Since their introduction in 1972 by Clutton-Brock, so-called biorthogonal basis sets have become a popular tool in galactic dynamics. They provide a method of solving Poisson's equation that scales linearly with the number of particles in a galaxy or halo simulation, and have also received wide attention in the perturbation theory of disk galaxies.

This thesis begins by discussing the theory behind such basis sets, and the context of their applications. Some introductory results are presented, deriving the possible functional forms that basis sets can take, and identifying the lack of suitably flexible basis sets in the literature as a stumbling block to further usage of the technique.

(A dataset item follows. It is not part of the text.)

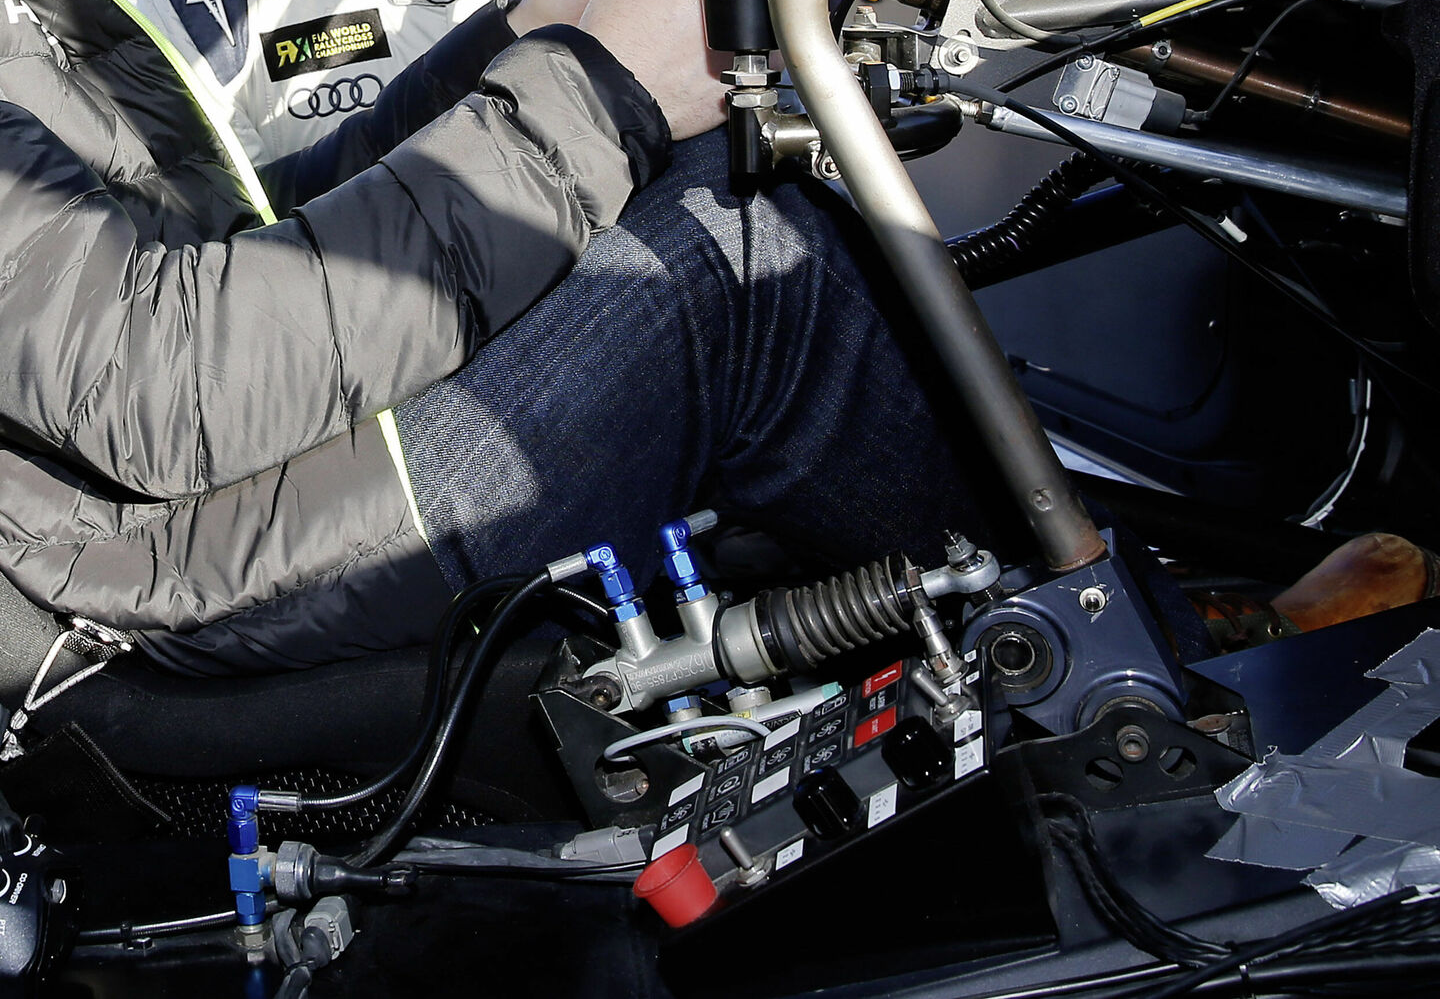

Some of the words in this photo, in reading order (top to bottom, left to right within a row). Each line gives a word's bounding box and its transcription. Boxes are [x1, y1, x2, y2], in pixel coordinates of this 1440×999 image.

[312, 32, 329, 44] FIA
[330, 23, 371, 38] WORLD
[314, 32, 373, 51] RALLYCROSS
[315, 41, 375, 59] CHAMPIONSHIP

Subsequently, several new families of basis sets are derived, whose free parameters and resemblance to classic double-power law formulas provide a much needed increase in flexibility for the modelling of realistic galaxies and haloes. Along the way a simple yet under studied spherical double-power model is described that interpolates between the properties of the more famous NFW and Hernquist models.

Finally, we turn to an application of the new basis sets: the problem of efficiently re-simulating cosmological dark matter haloes. The ability to place new objects in a realistic time-evolving gravitational potential is desirable from a modelling point of view, as it permits us to constrain the properties of massive, unseen galactic components (dark haloes) via visible dynamical tracers such as stellar streams.

The thesis concludes by suggesting some further practical applications of the basis set technique in astronomy, as well as some pointers towards future theoretical developments and applications to other areas of physics.